[Spatial localization data]
____________________
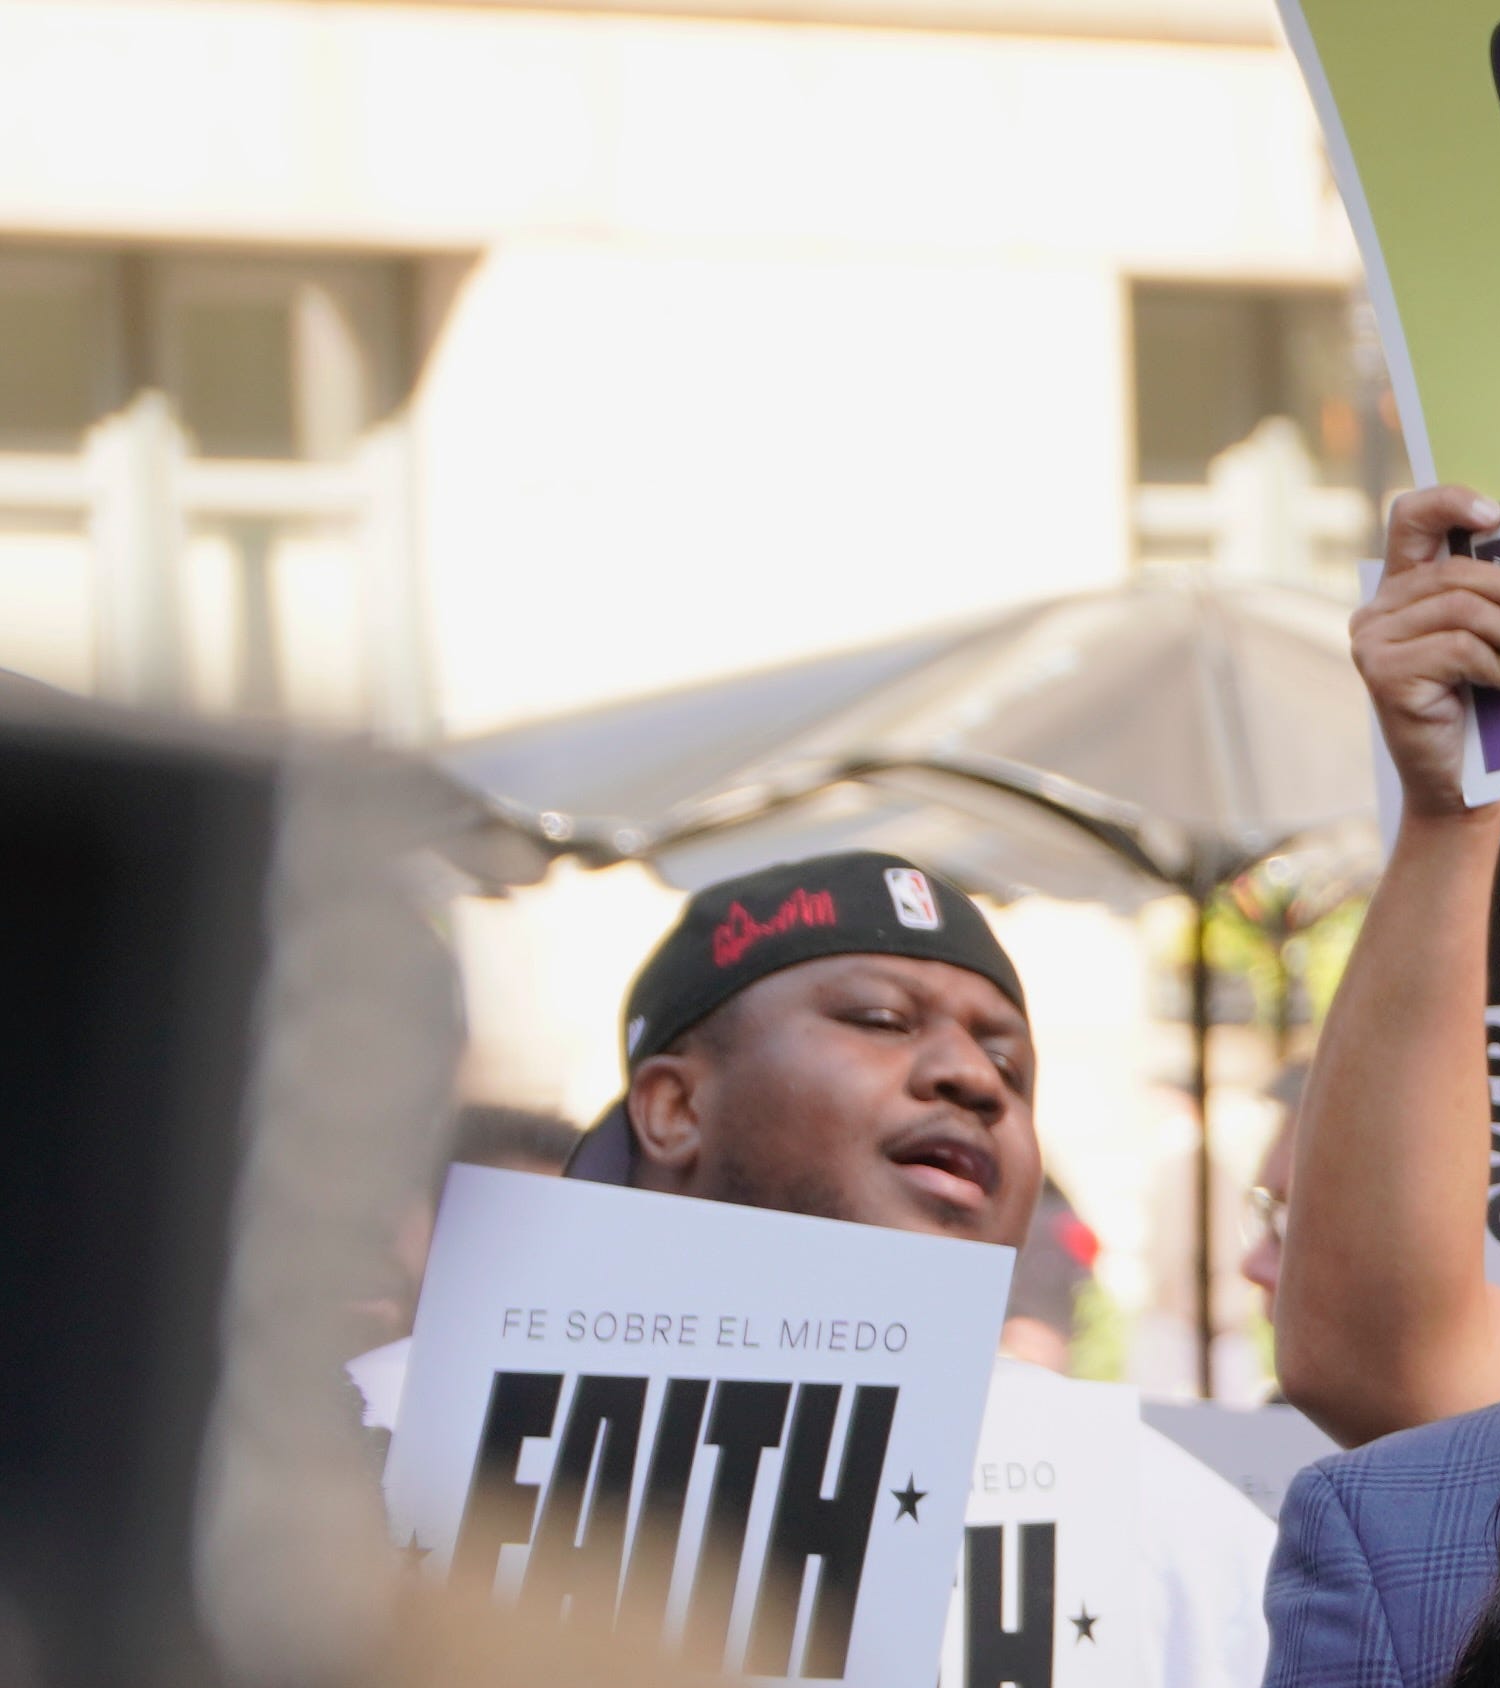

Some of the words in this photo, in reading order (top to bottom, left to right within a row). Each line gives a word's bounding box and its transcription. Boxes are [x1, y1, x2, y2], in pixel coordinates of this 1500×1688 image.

[501, 1308, 548, 1344] FE
[565, 1308, 700, 1349] SOBRE
[719, 1314, 764, 1350] EL
[778, 1319, 912, 1355] MIEDO
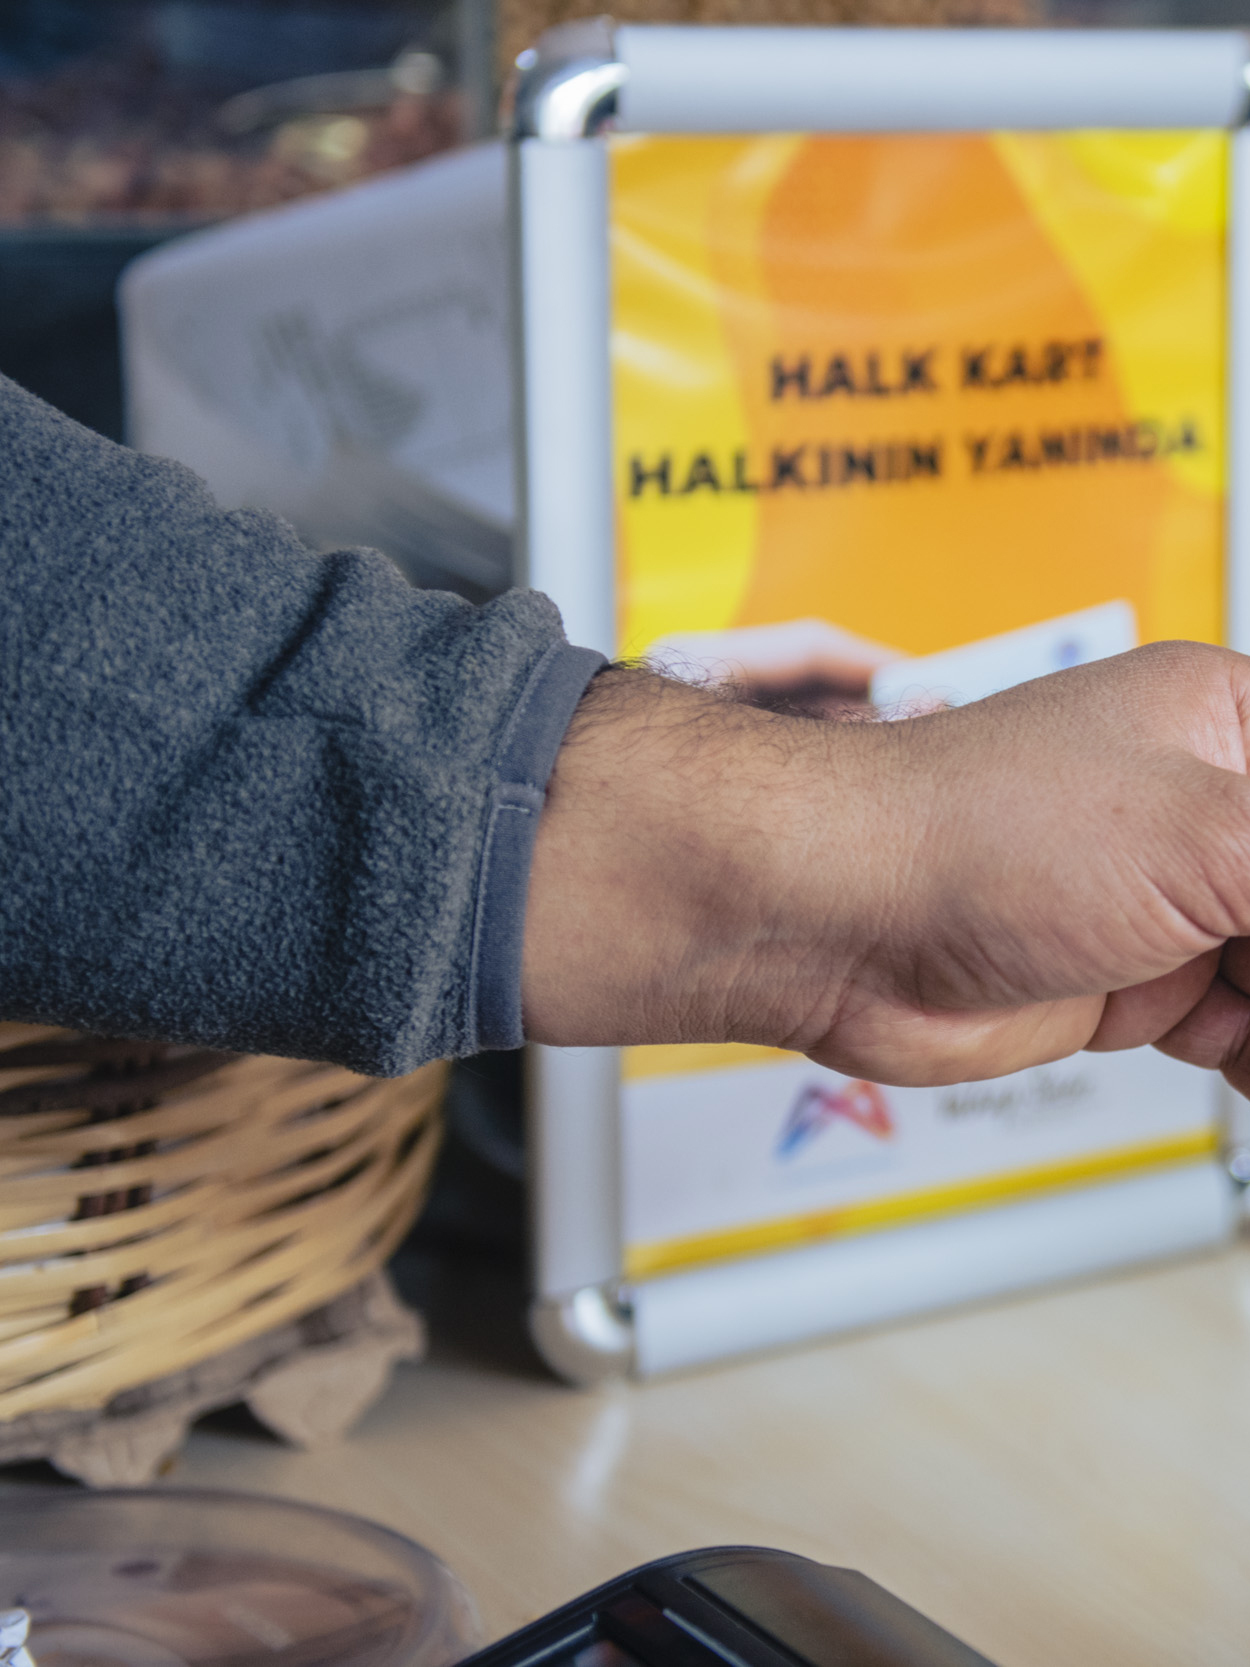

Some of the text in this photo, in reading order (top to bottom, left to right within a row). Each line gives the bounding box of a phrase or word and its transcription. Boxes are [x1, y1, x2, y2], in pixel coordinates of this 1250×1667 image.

[769, 338, 1106, 401] HALK KART
[629, 419, 1203, 497] HALKININ YANINDA
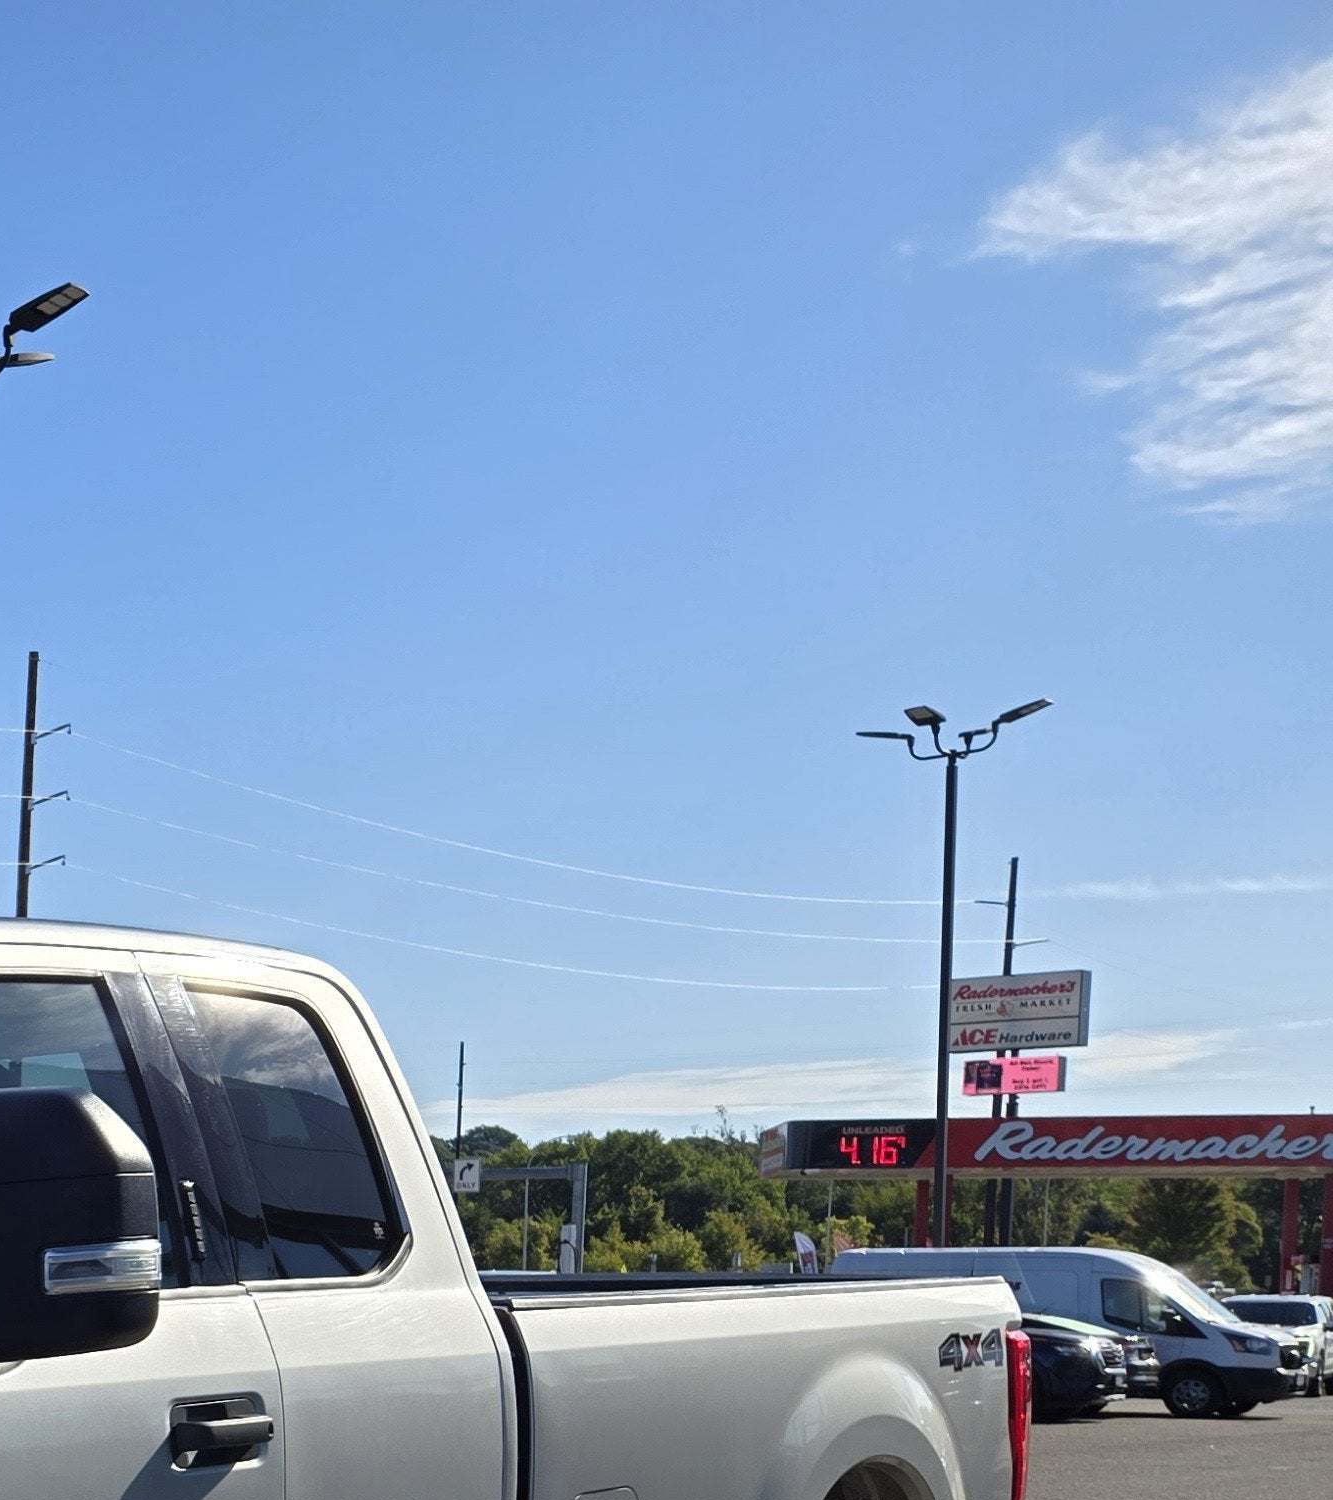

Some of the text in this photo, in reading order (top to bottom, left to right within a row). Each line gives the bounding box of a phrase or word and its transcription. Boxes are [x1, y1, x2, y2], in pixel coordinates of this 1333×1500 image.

[953, 980, 1076, 1001] Radermacher's
[956, 998, 1071, 1012] FRESH MARKET
[952, 1027, 1072, 1046] ACE Hardware
[842, 1126, 905, 1135] UNLEADED
[456, 1181, 476, 1189] ONLY
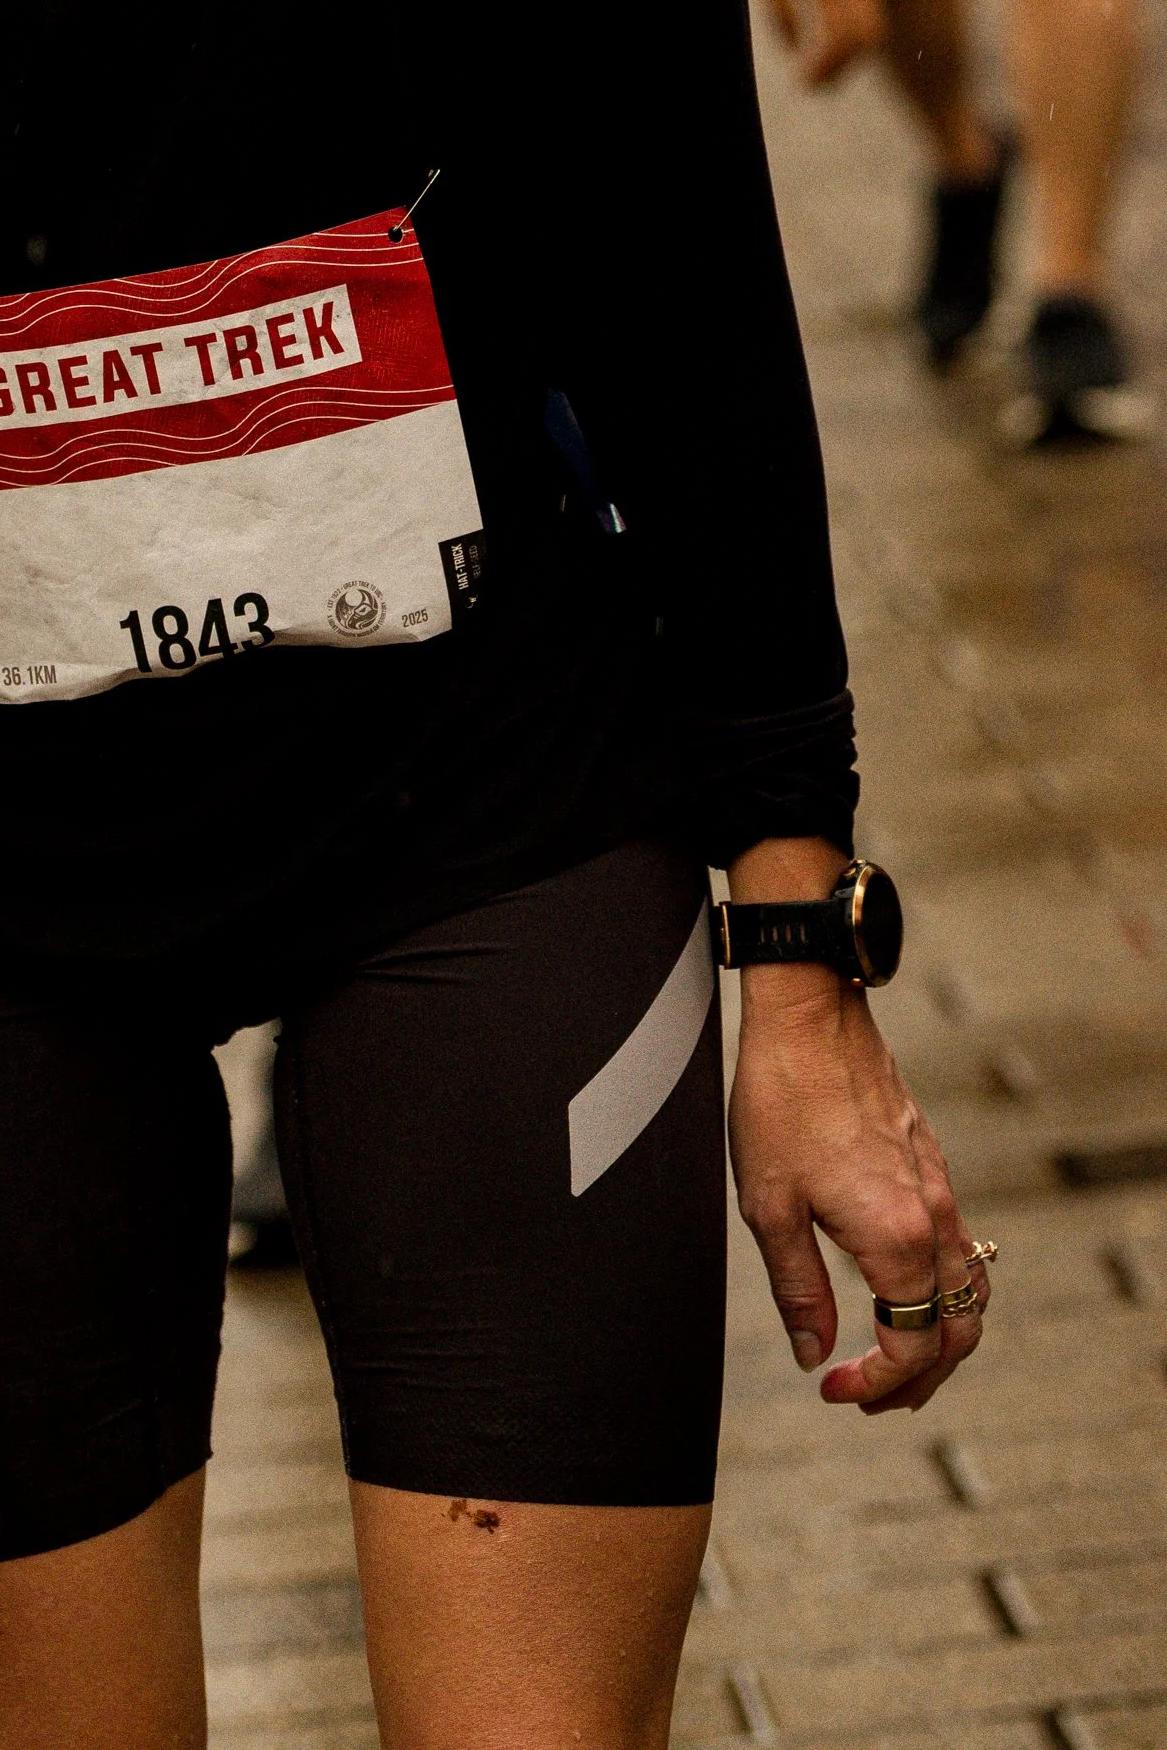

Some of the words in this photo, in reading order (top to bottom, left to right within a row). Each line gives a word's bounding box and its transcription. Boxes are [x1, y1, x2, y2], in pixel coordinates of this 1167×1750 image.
____________________
Work required:
Please set down every record exactly as it appears, leaving out the pictures.

Answer to this exercise:
Some of the words in this photo, in reading order (top to bottom, left to right within a row). Each line gives a word's bounding box and its transcription. Boxes are [x1, y1, x2, y2], in pixel coordinates of this 1500×1688 image.

[501, 1308, 548, 1344] FE
[565, 1308, 700, 1349] SOBRE
[719, 1314, 764, 1350] EL
[778, 1319, 912, 1355] MIEDO

Some of the text in this photo, in reading order (top to bottom, left to right within a row). Each line gives the bounding box of a phrase or word and its transcription. Boxes are [x1, y1, x2, y2], in pixel coordinates of this 1250×1667 image.

[769, 338, 1106, 401] HALK KART
[629, 419, 1203, 497] HALKININ YANINDA

Some of the text in this photo, in reading order (top to bottom, left to right within a row). Each line gives the bounding box of a phrase or word and its transcription. Boxes are [x1, y1, x2, y2], in pixel coordinates of this 1333×1500 image.

[953, 980, 1076, 1001] Radermacher's
[956, 998, 1071, 1012] FRESH MARKET
[952, 1027, 1072, 1046] ACE Hardware
[842, 1126, 905, 1135] UNLEADED
[456, 1181, 476, 1189] ONLY

Some of the words in this photo, in reading order (top to bottom, left to right within a row). Each line gives a word's bounding box and its transcription. Boxes are [x1, y1, x2, y2], in pixel coordinates of this 1167×1750 image.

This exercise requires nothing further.